START Data provided

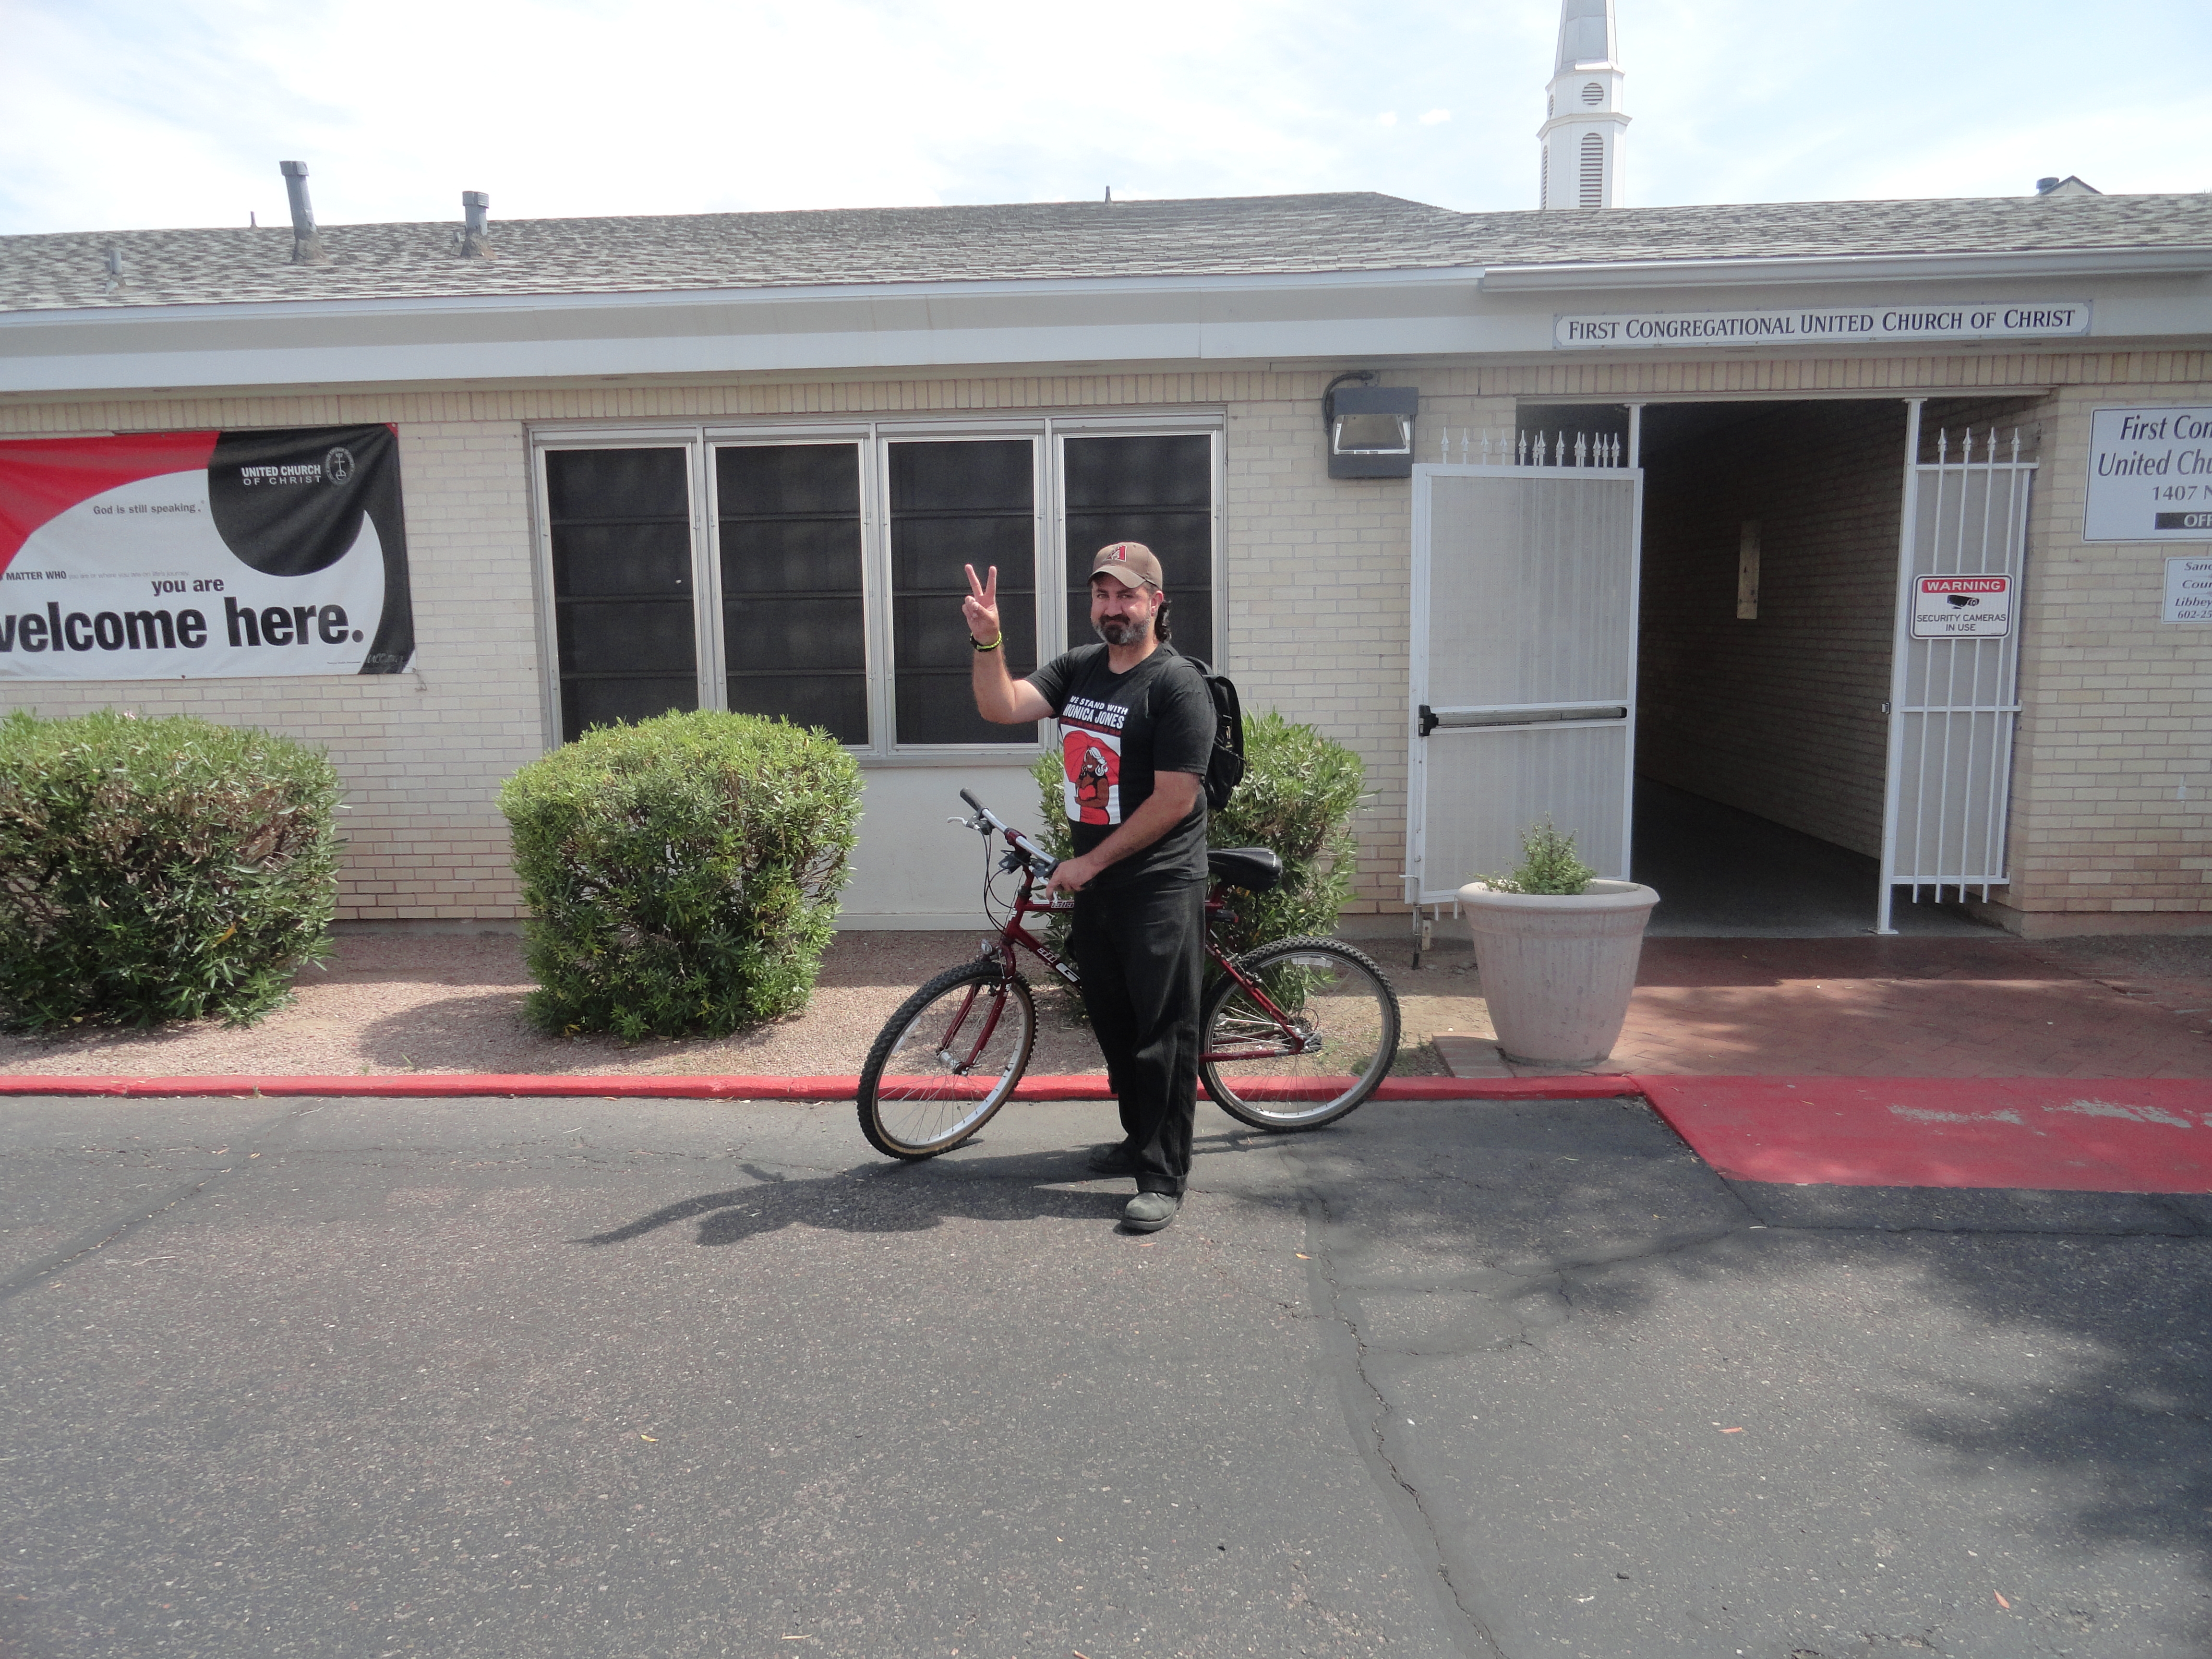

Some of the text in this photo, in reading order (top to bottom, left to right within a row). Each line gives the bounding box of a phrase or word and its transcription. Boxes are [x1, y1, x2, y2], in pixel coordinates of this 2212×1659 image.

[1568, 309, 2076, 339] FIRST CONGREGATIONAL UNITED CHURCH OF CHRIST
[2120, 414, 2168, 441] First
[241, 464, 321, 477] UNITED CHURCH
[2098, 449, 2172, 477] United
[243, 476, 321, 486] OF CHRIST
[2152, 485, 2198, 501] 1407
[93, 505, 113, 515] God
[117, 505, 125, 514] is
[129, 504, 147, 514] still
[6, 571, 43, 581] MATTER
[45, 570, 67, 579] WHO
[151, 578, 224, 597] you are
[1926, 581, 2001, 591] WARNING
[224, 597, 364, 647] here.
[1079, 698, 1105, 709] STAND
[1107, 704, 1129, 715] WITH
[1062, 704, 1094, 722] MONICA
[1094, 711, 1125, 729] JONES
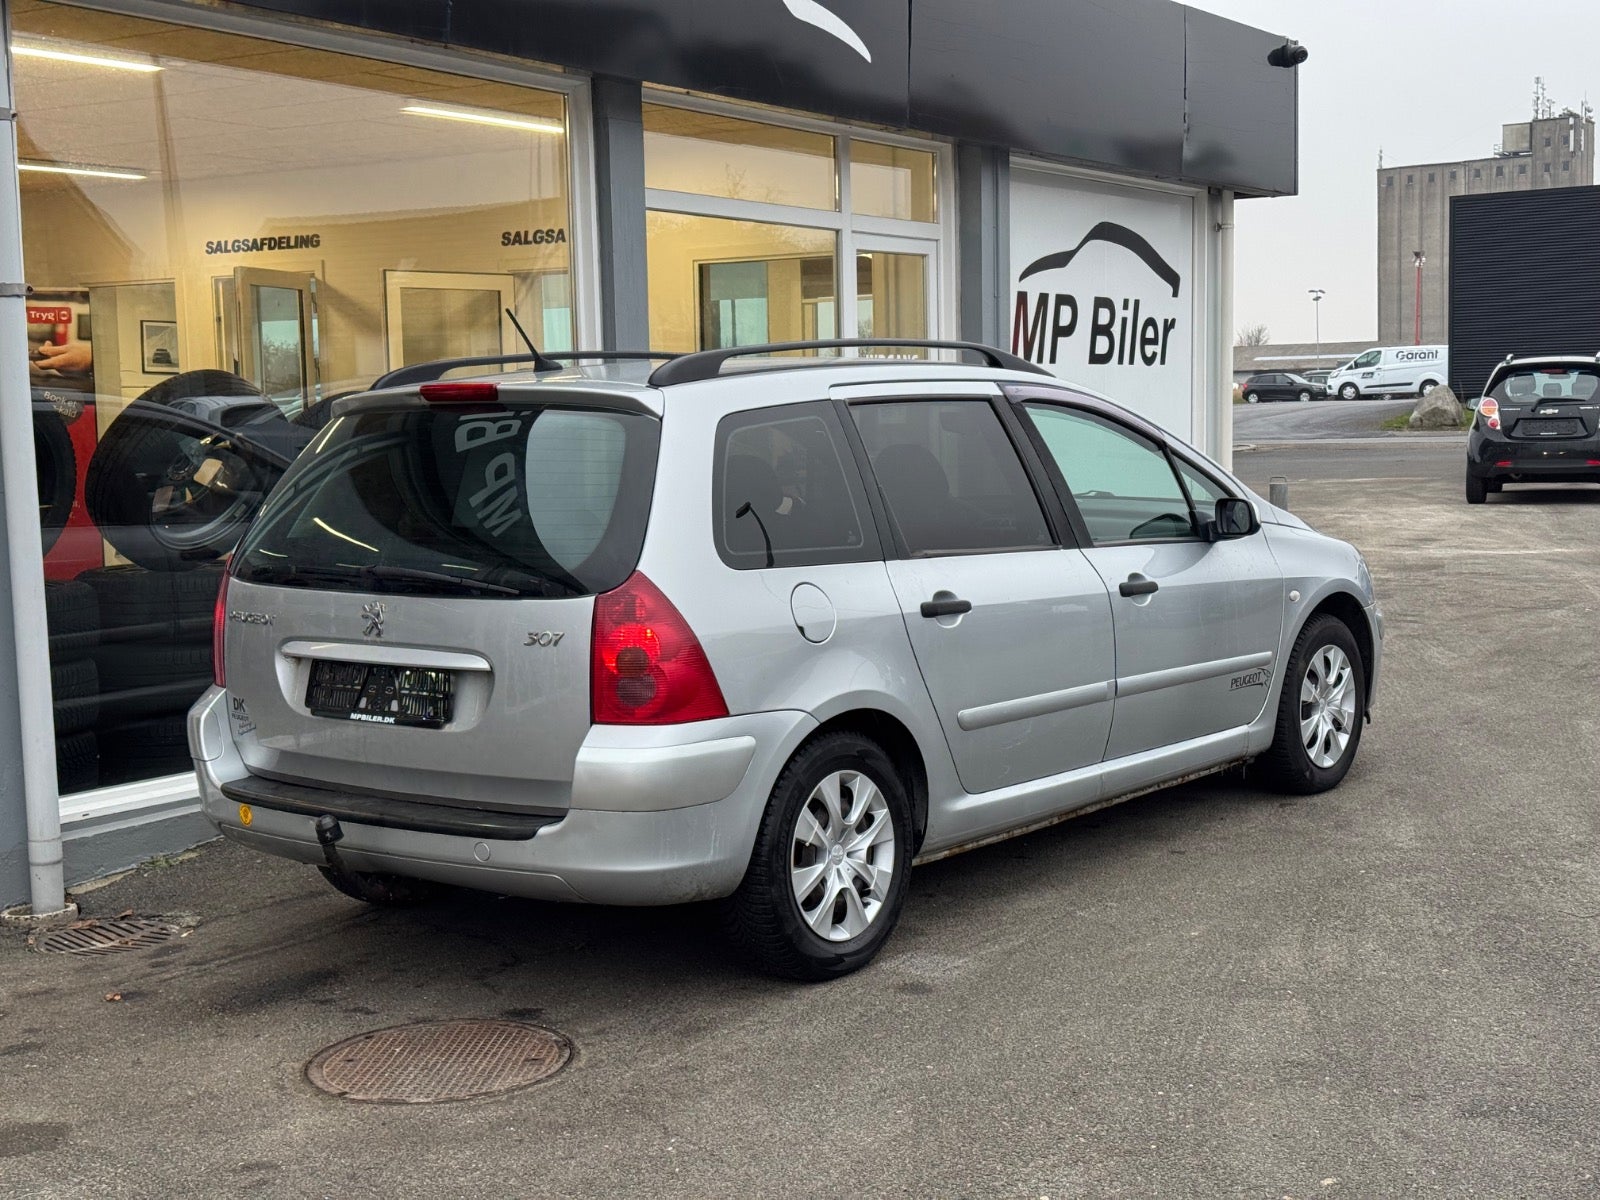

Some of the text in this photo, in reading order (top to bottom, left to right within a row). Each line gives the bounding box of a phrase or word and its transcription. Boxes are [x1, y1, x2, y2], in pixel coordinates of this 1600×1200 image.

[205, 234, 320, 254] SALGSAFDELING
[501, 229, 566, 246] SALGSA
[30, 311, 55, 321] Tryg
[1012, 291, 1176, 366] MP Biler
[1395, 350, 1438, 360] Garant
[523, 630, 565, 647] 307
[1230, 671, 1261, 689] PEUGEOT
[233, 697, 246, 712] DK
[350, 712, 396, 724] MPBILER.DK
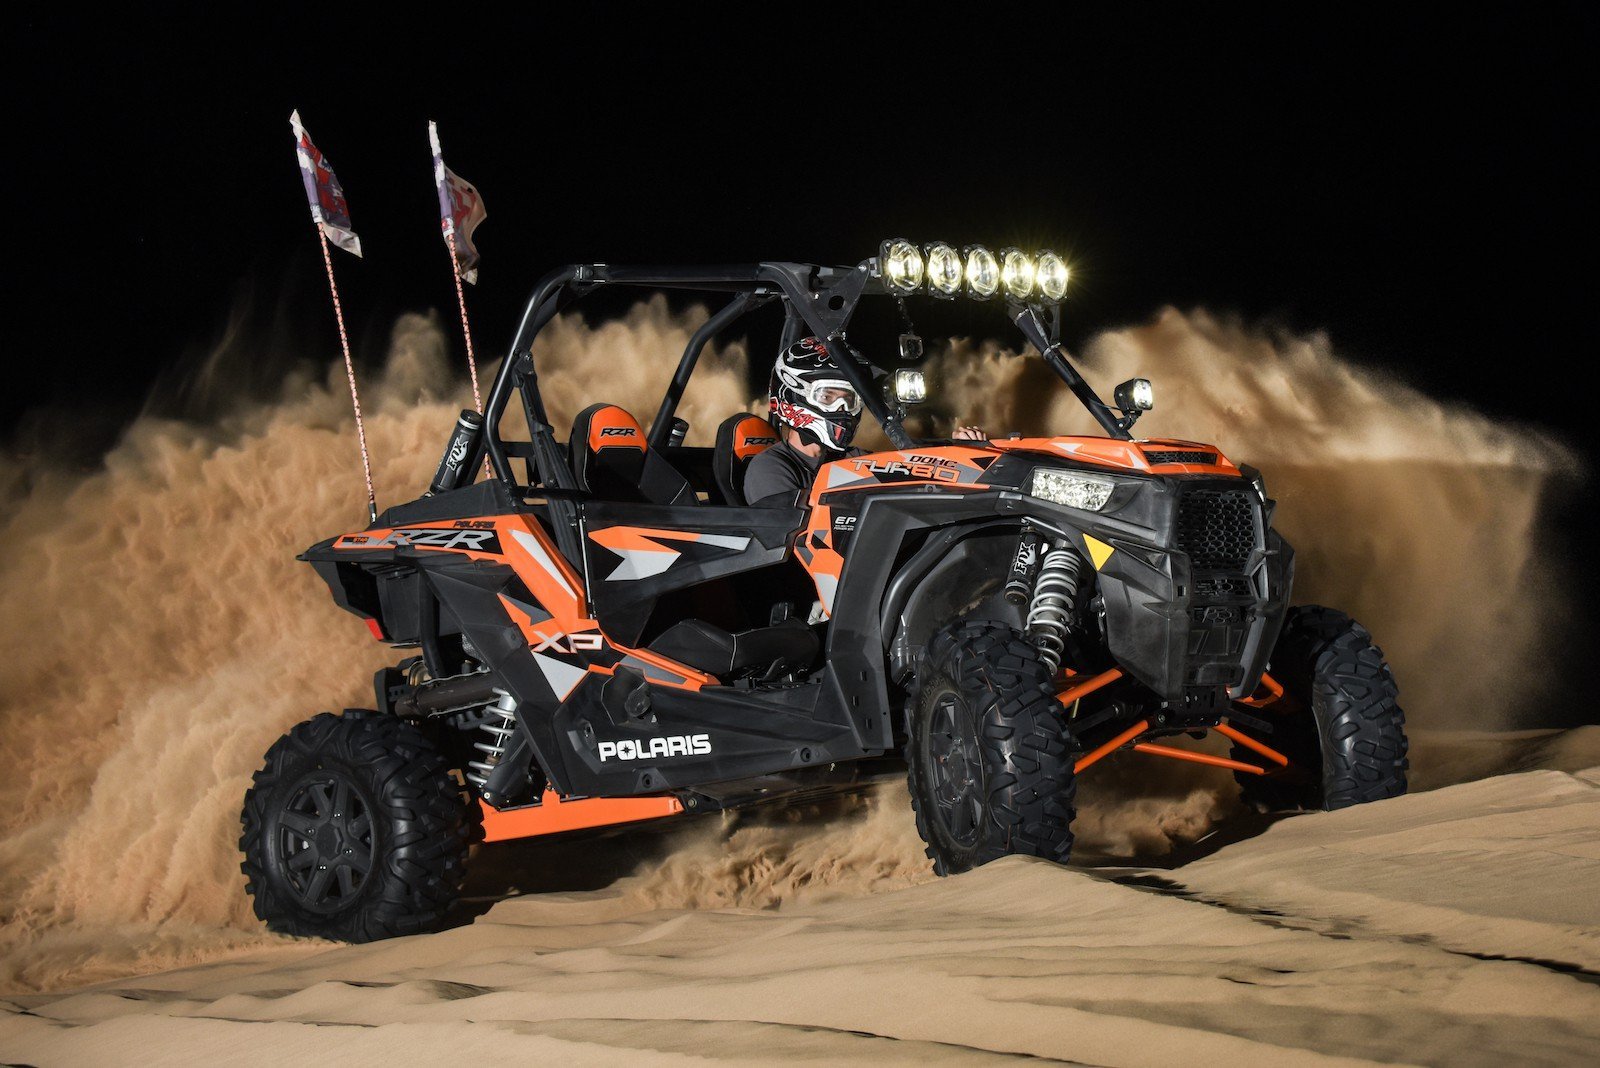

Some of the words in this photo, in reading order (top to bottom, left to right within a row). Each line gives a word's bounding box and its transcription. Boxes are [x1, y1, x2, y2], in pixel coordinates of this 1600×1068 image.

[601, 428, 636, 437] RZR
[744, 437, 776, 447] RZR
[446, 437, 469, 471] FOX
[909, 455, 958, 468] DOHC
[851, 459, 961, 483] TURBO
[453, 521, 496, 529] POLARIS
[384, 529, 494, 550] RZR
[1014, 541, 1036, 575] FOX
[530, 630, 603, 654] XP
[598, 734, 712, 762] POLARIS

END Data provided

- _Work to be completed_
Return the entries above exactly as they appear. Pictures should not be copied.

- _Solution to this exercise_
Some of the text in this photo, in reading order (top to bottom, left to right within a row). Each line gives the bounding box of a phrase or word and its transcription. Boxes are [x1, y1, x2, y2], in pixel coordinates of this 2212×1659 image.

[1568, 309, 2076, 339] FIRST CONGREGATIONAL UNITED CHURCH OF CHRIST
[2120, 414, 2168, 441] First
[241, 464, 321, 477] UNITED CHURCH
[2098, 449, 2172, 477] United
[243, 476, 321, 486] OF CHRIST
[2152, 485, 2198, 501] 1407
[93, 505, 113, 515] God
[117, 505, 125, 514] is
[129, 504, 147, 514] still
[6, 571, 43, 581] MATTER
[45, 570, 67, 579] WHO
[151, 578, 224, 597] you are
[1926, 581, 2001, 591] WARNING
[224, 597, 364, 647] here.
[1079, 698, 1105, 709] STAND
[1107, 704, 1129, 715] WITH
[1062, 704, 1094, 722] MONICA
[1094, 711, 1125, 729] JONES

Some of the text in this photo, in reading order (top to bottom, left to right within a row). Each line gives the bounding box of a phrase or word and its transcription. Boxes are [x1, y1, x2, y2], in pixel coordinates of this 1600×1200 image.

[205, 234, 320, 254] SALGSAFDELING
[501, 229, 566, 246] SALGSA
[30, 311, 55, 321] Tryg
[1012, 291, 1176, 366] MP Biler
[1395, 350, 1438, 360] Garant
[523, 630, 565, 647] 307
[1230, 671, 1261, 689] PEUGEOT
[233, 697, 246, 712] DK
[350, 712, 396, 724] MPBILER.DK

Some of the words in this photo, in reading order (top to bottom, left to right within a row). Each line gives a word's bounding box and its transcription. Boxes are [x1, y1, x2, y2], in pixel coordinates of this 1600×1068 image.

[601, 428, 636, 437] RZR
[744, 437, 776, 447] RZR
[446, 437, 469, 471] FOX
[909, 455, 958, 468] DOHC
[851, 459, 961, 483] TURBO
[453, 521, 496, 529] POLARIS
[384, 529, 494, 550] RZR
[1014, 541, 1036, 575] FOX
[530, 630, 603, 654] XP
[598, 734, 712, 762] POLARIS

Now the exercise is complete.